Exon Detection in cDNA with PCR Experiments 




Under construction 




This software implements the first step of the ExonPCR protocol for finding the approximate locations 
of exon boundaries in a cDNA using results from multiple PCR experiments described in Xu G.. Sze S - 
K. Liu C -P.. Pevzner P A. and Arnheim N. (199$) Gene hunting without sequencing genomic clones: 
finding exon boundaries in cDNAs. Genomics. 47. 171-179 . Primers are designed from the cDNA 
sequence and used to amplify genomic DNA. Each pair of primers serves as a query asking the question 
whether, in genomic DNA, there exists an intron(s) between the primer sequences. The answer to this 
query is provided by comparison of the length of PCR products in cDNA and genomic DNA. We 
recognize three answers to this query. A pair of primers located within the same exon will produce the 
same-sized PCR product with both templates (+ result). If the PCR product using genomic DNA is 
longer than expected from the cDNA sequence or is missing altogether, the region is interrupted by an 
intron(s) in genomic DNA (- result). Results the status of which cannot be defined as either + or - due to 
experimental uncertainties are called ? results. 
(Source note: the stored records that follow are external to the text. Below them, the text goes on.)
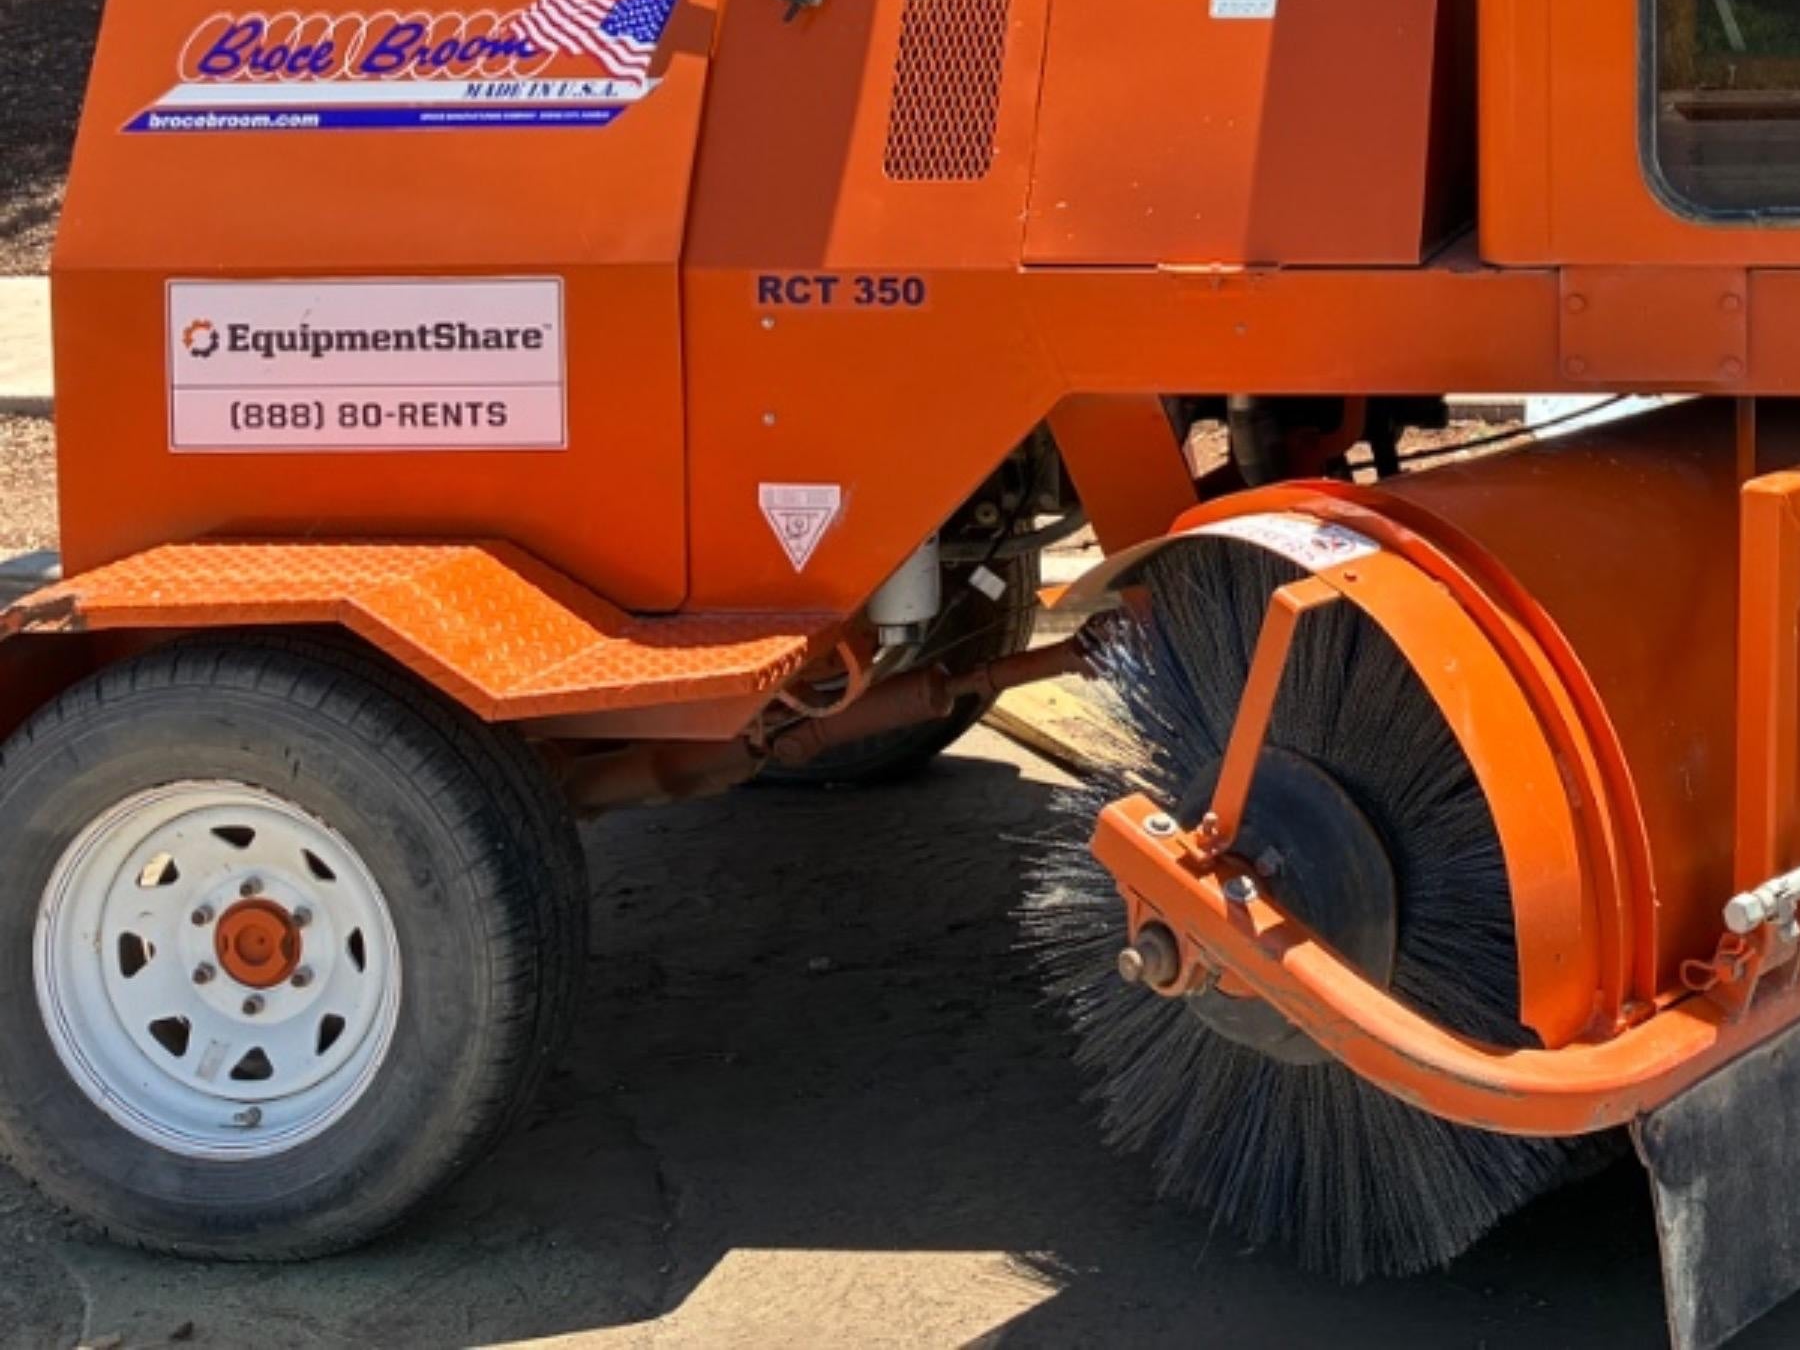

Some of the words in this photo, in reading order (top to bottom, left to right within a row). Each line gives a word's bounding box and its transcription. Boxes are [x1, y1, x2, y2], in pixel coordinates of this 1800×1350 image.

[197, 19, 335, 74] Broce
[360, 22, 541, 74] Broom
[148, 111, 320, 129] brocebroom.com
[757, 274, 840, 306] RCT
[853, 274, 926, 307] 350
[230, 401, 326, 431] (888)
[338, 402, 508, 429] 80-RENTS
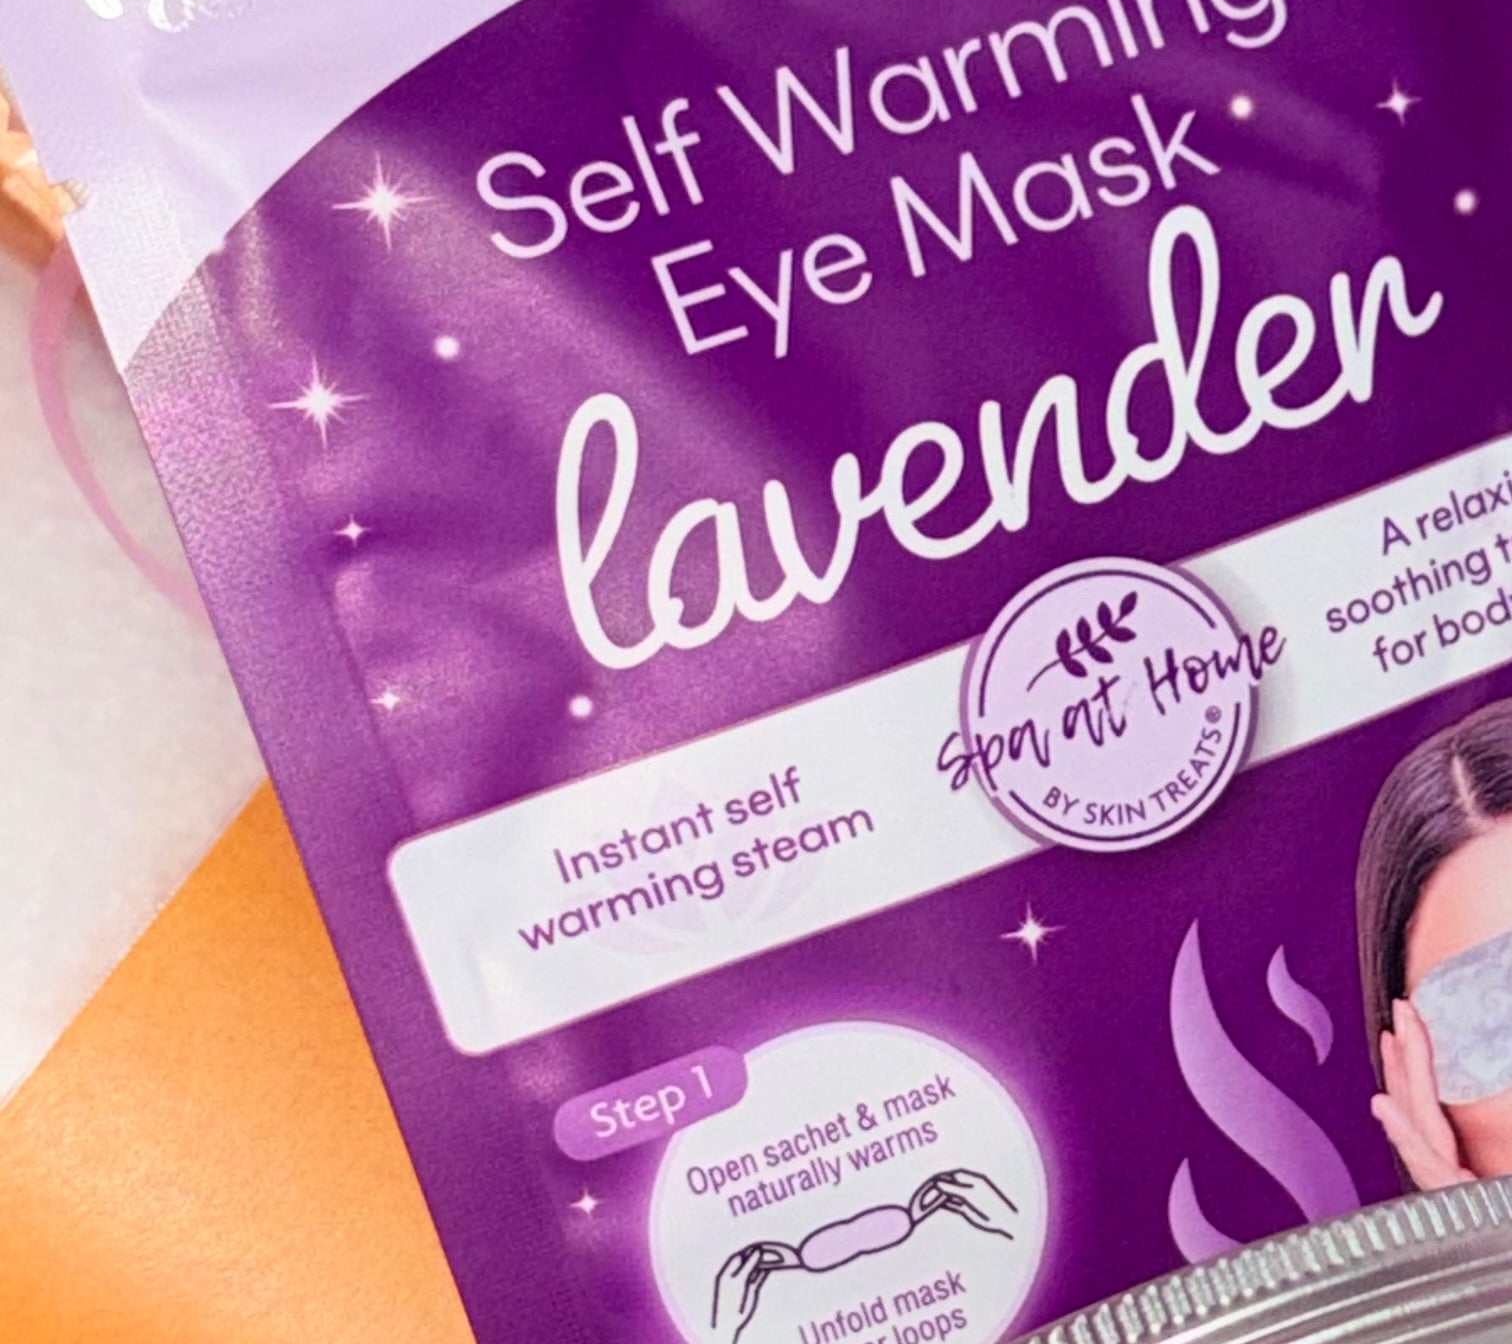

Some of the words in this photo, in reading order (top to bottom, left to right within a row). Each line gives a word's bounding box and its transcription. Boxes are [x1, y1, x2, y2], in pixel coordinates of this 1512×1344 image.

A carefully devised strategy that minimizes the total number of PCR primers that are used (to reduce 
cost) and at the same time minimizes the total number of required rounds of PCR experiments (to reduce 
time) would be of great value. The goals of minimizing both the total number of primers and the number 
of rounds conflict with each other. A minimum number of primer pairs is achieved in a sequential 
dichotomy protocol in which only one primer pair is designed in every round based on the results of 
earlier rounds of experiments. This strategy is unrealistic since it leads to an excessive number of 
rounds. An alternative single-round protocol designs all possible primer pairs in a single round thus 
leading to an excessively large number of primers. Since these criteria are conflicting, we search for a 
tradeoff between the dichotomy strategy and the single round strategy. The goal is not to determine exon 
boundaries exactly, but to find the approximate locations of exon boundaries to within a small resolution 
(say 30 to 100 bp). The second step of the ExonPCR protocol then uses ligati on-mediated PCR to 
determine the exon boundaries with the help of limited DNA sequencing (not implemented in this 
software). 

Input to each round includes the cDNA sequence, primers used in previous rounds and experimental 
results. The software designs primers for the new round. 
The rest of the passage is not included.